• Task description: Without copying the images, write out all the entries below verbatim.

***** Provided data *****

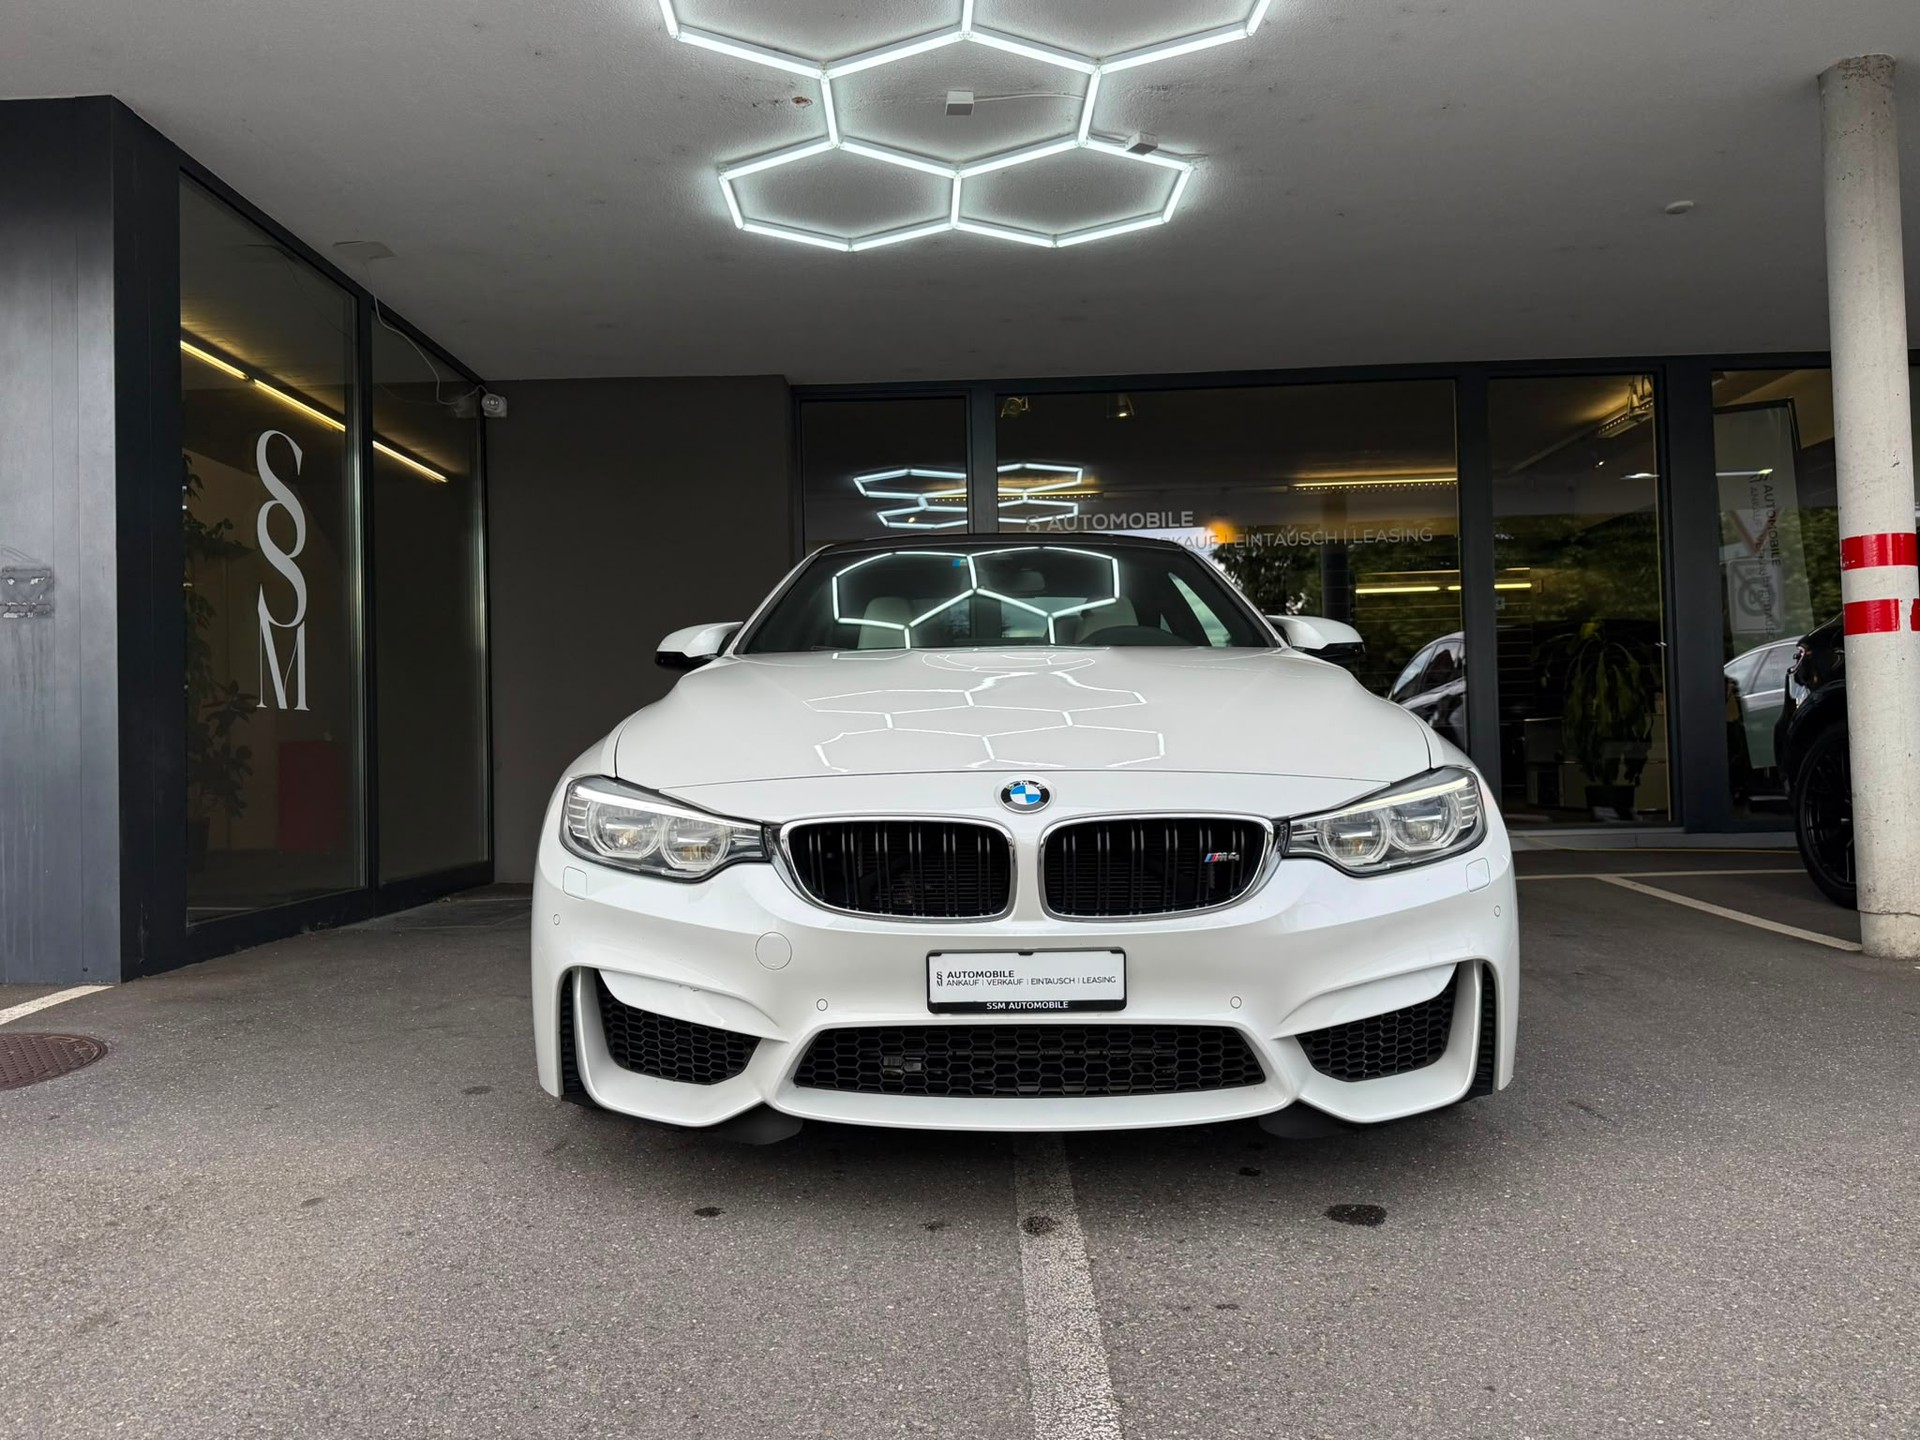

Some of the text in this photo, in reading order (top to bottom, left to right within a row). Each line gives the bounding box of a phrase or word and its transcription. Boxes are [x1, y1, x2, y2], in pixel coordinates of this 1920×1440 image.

[1046, 510, 1194, 532] AUTOMOBILE
[1763, 484, 1781, 566] AUTOMOBILE
[1233, 530, 1338, 549] EINTAUSCH
[1352, 527, 1433, 545] LEASING
[946, 970, 1015, 979] AUTOMOBILE
[946, 975, 1117, 987] ANKAUF VERKAUF EINTAUSCH LEASING
[986, 1000, 1069, 1010] SSM AUTOMOBILE

*****

• Solution to this problem:
Some of the text in this photo, in reading order (top to bottom, left to right within a row). Each line gives the bounding box of a phrase or word and its transcription. Boxes are [x1, y1, x2, y2], in pixel coordinates of this 1920×1440 image.

[1046, 510, 1194, 532] AUTOMOBILE
[1763, 484, 1781, 566] AUTOMOBILE
[1233, 530, 1338, 549] EINTAUSCH
[1352, 527, 1433, 545] LEASING
[946, 970, 1015, 979] AUTOMOBILE
[946, 975, 1117, 987] ANKAUF VERKAUF EINTAUSCH LEASING
[986, 1000, 1069, 1010] SSM AUTOMOBILE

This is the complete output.